The sun rises, the sun sets and another day is crossed off into history.
So somehow-without my permission-I find I’ve woken to mark the eighth anniversary (do you call such a horrible thing an anniversary?) of Dominic’s death.
It’s humbling to realize I (and my family!) are not only still standing but flourishing. It’s horrifying to comprehend I’ve continued to live and breathe for 2922 days since Dominic left us.
Most days are pretty good.
Today is hard.
❤ Melanie
When the numbness wore off (maybe around six months) I remember vaguely wondering what years down the road would feel like.

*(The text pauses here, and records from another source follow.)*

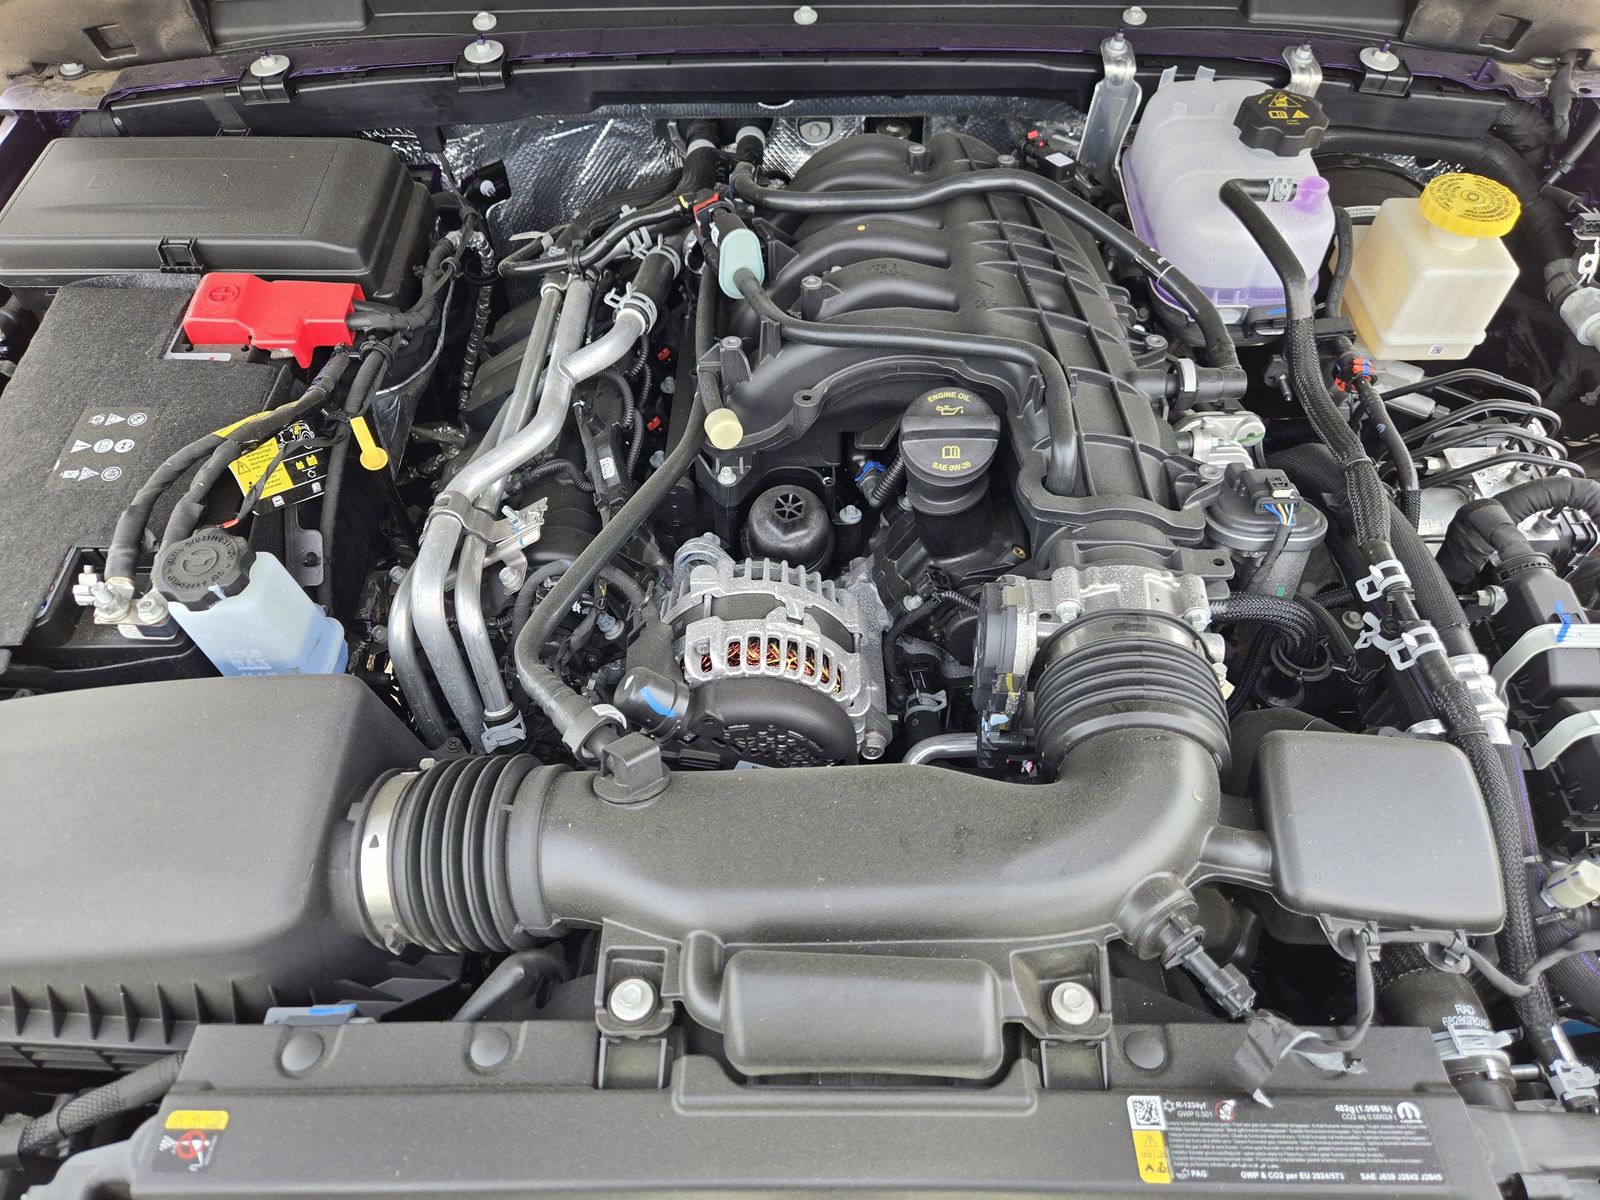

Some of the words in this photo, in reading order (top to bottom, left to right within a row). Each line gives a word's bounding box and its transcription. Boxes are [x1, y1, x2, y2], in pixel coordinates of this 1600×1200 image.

[927, 391, 957, 403] ENGINE
[958, 393, 970, 402] OIL
[932, 461, 948, 471] SAE
[949, 461, 972, 471] 0W-20
[1454, 1004, 1475, 1015] RAD
[1175, 1101, 1206, 1110] R-1234yf
[1177, 1110, 1194, 1118] GWP
[1190, 1169, 1208, 1178] PAG
[1240, 1170, 1259, 1179] GWP
[1267, 1171, 1284, 1179] CO2
[1285, 1173, 1298, 1181] per
[1298, 1171, 1311, 1180] EU
[1360, 1172, 1377, 1180] SAE

I tried to project the “me” of that moment into the future and imagine how I might deal with life changes, new circumstances, an empty nest, grandchildren (if there were any) and growing older alongside the heartache of burying a child.
But just as it’s impossible to comprehend how the addition of a child utterly transforms a family, it’s impossible to understand how the subtraction of one changes everything just as much.
We are all so very different than we would have been if Dominic were still here.
Life most likely wouldn’t be any more perfect because we would each grow and change, find common ground and find points of conflict, make new memories and drag up old hurts.
Still, none of us would carry the deep wound and traumatic injury of sudden and out-of-order death.
THAT is impossible to ignore. Even eight years later it’s a red flag, a sticky note, an addendum to every family gathering and holiday.
So we carry on.
Like generations before us who have walked this world dragging loss behind them, we keep going. It shapes us but doesn’t limit us. It informs our views but isn’t the only thing that molds our opinions and frames our choices.
My faith in God’s larger and perfect plan helps me hold onto hope even as I continue to miss my son.
But today is a hard day and I don’t think that’s going to change as long as I live.
I’m getting better at remembering Dominic’s birthday in ways that honor who he is and the man he might have become. I can’t say I’ve figured out any good way to walk through the yearly unavoidable and unwelcome reminder of the day he left us.
I’m learning to allow the grief waves to simply wash over me without resisting them.
Eventually the hours tick away, the day is over and I find I’ve survived yet again.